A satisfying salad is a great way to get more fruits and vegetables high in vitamins, minerals, and fiber. A salad using the right ingredients can be a filling meal. With the summer heat kicking in, making a quick, satisfying salad using your favorite ingredients can help cool off, rehydrate, and refuel the body.
Table of Contents
Making A Satisfying Salad
- Start with leafy greens.
- They’re low in calories and a healthy source of fiber.
- Different varieties include iceberg lettuce, leaf lettuce, spinach, escarole, romaine, kale, and butter lettuce.
- The darker greens offer more nutrients.
- Carrots, peppers, green beans, eggplant, Brussels sprouts, broccoli, cauliflower, cabbage, zucchini, tomatoes, cucumbers, onions, or scallions.
- Raw diced or cooked vegetables are a good addition.
- Leftover cooked vegetables will work.
- Brightly colored vegetables have flavonoids rich in antioxidants, fiber, vitamins, and minerals.
- Choose all the colors and add two or three half-cup servings.
Grains – Starch
- Add whole grains or starchy vegetables.
- A serving of cooked:
- Whole grains like brown rice, barley, or quinoa.
- Starchy vegetables like roasted sweet potatoes or cooked butternut squash.
- These provide fiber, complex carbohydrates, vitamins, and minerals.
- Fruits or berries, blueberries, raspberries, blackberries, pomegranate seeds, apple slices, oranges, dates, and raisins can add vitamins, fiber, and antioxidants.
- One-half cup of apple slices has 30 calories.
- One-half cup of berries has about 40 calories.
- A hard-boiled egg is an excellent source of protein.
- A serving of lean beef, cooked shrimp, tuna, chicken breast, cheese strips, beans or legumes, hummus, tofu, or cottage cheese.
- Be mindful of portion size.
- A quarter cup of chopped chicken meat or one egg will add 75 calories.
- Half a can of tuna adds about 80 calories.
- Depending if it is low fat, two ounces of cubed or shredded mozzarella or cheddar cheese can add 200 calories.
Nuts or Seeds
- Almonds, cashews, walnuts, pecans, sunflower, pumpkin, or chia seeds are great for added crunch.
- All nuts add protein and heart-healthy polyunsaturated and monounsaturated fatty acids.
- One-eighth cup of nuts adds around 90 calories.
- Walnuts contain omega-3 fatty acids.
- Add salad dressing.
- One tablespoon of regular commercial salad dressing adds 50 to 80 calories.
- Low-fat and reduced-calorie dressings are available.
- Use freshly squeezed lemon or lime juice.
- Make a dressing with avocado, walnut, or extra virgin olive oil.
Low-Carbohydrate Taco Salad
This is an easy recipe.

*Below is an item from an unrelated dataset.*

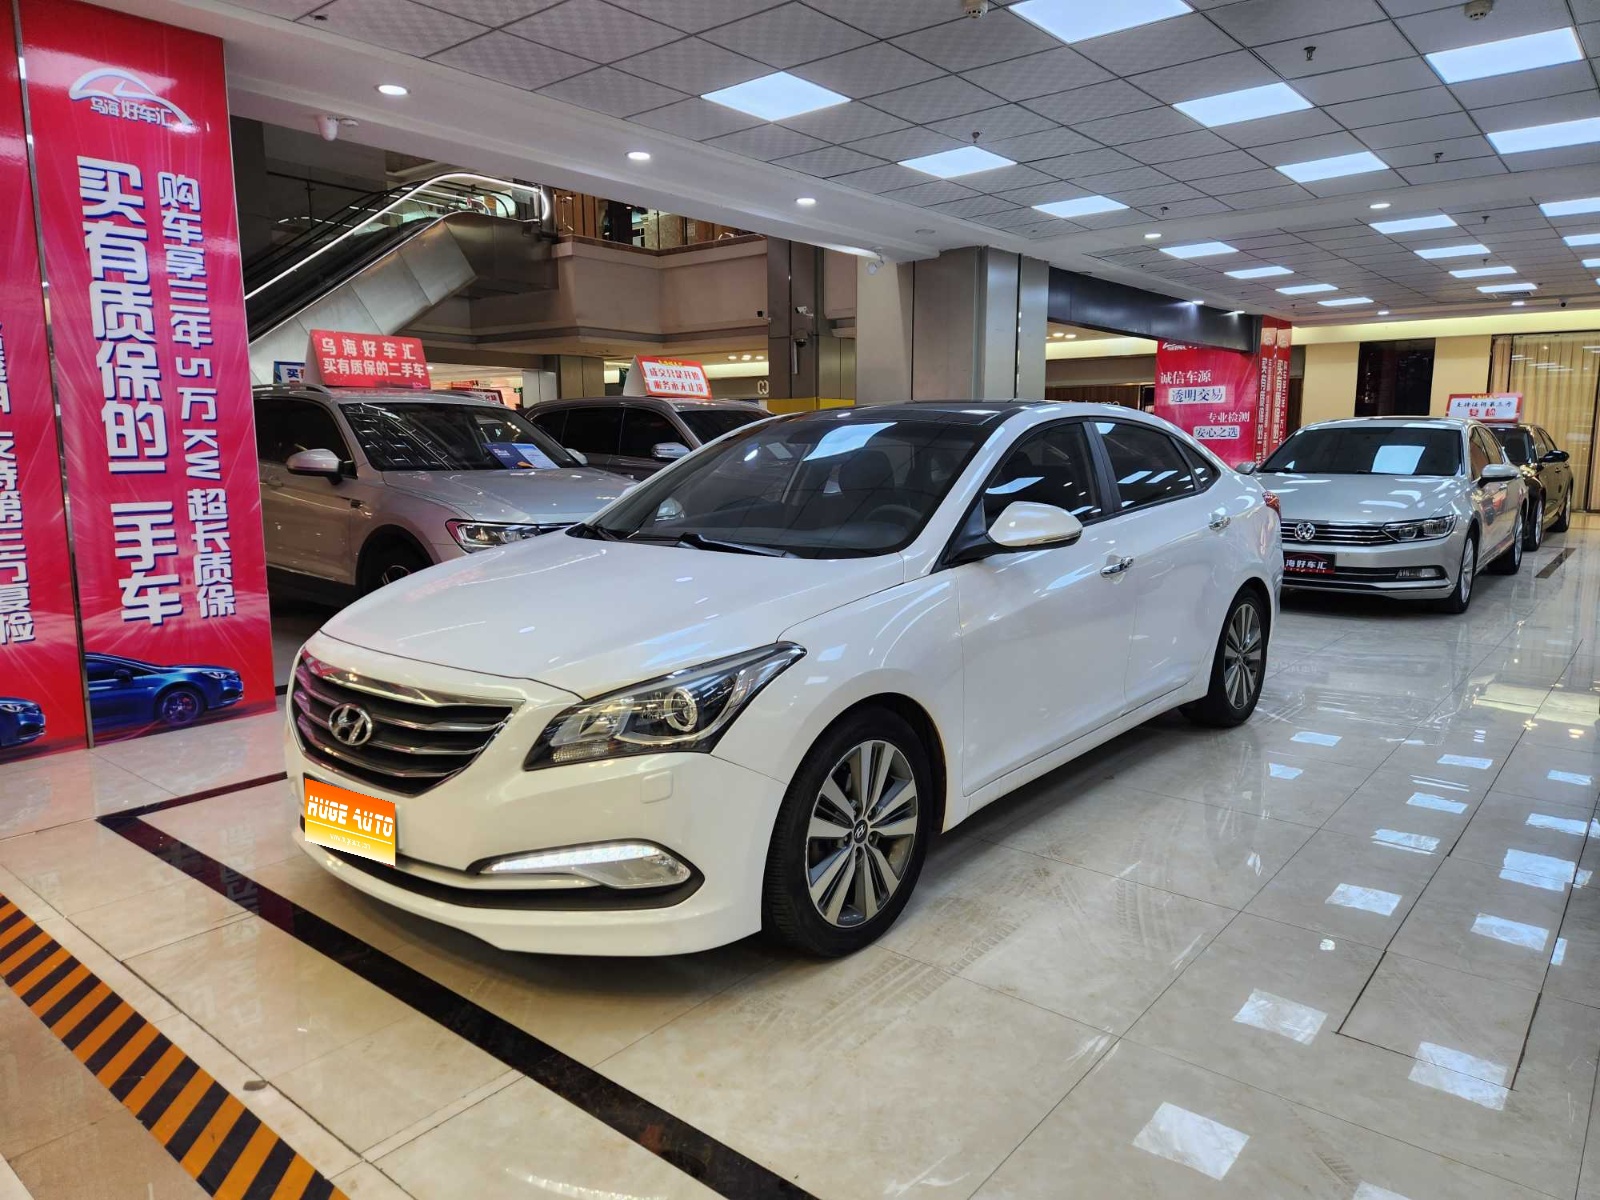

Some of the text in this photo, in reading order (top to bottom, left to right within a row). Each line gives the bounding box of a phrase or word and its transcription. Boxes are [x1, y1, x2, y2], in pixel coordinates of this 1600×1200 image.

The meat can be prepared ahead or be leftovers from another meal.
- One pound lean ground beef – 85% to 89% lean.
- One tablespoon of chili powder.
- Salt and pepper, to taste.
- Green onions, chopped with white and green parts separated.
- One head of lettuce, chopped.
- One medium tomato, chopped.
- One avocado, diced.
- Optional – one 4-ounce can of sliced olives.
- 1 1/2 cups of grated fat-free cheddar, Monterey Jack cheese, or a combination.
- 1/2 cup fat-free Greek or plain yogurt.
- 1/2 cup salsa.
- Cook beef in a skillet with chili powder, the white part of the onions, and salt and pepper.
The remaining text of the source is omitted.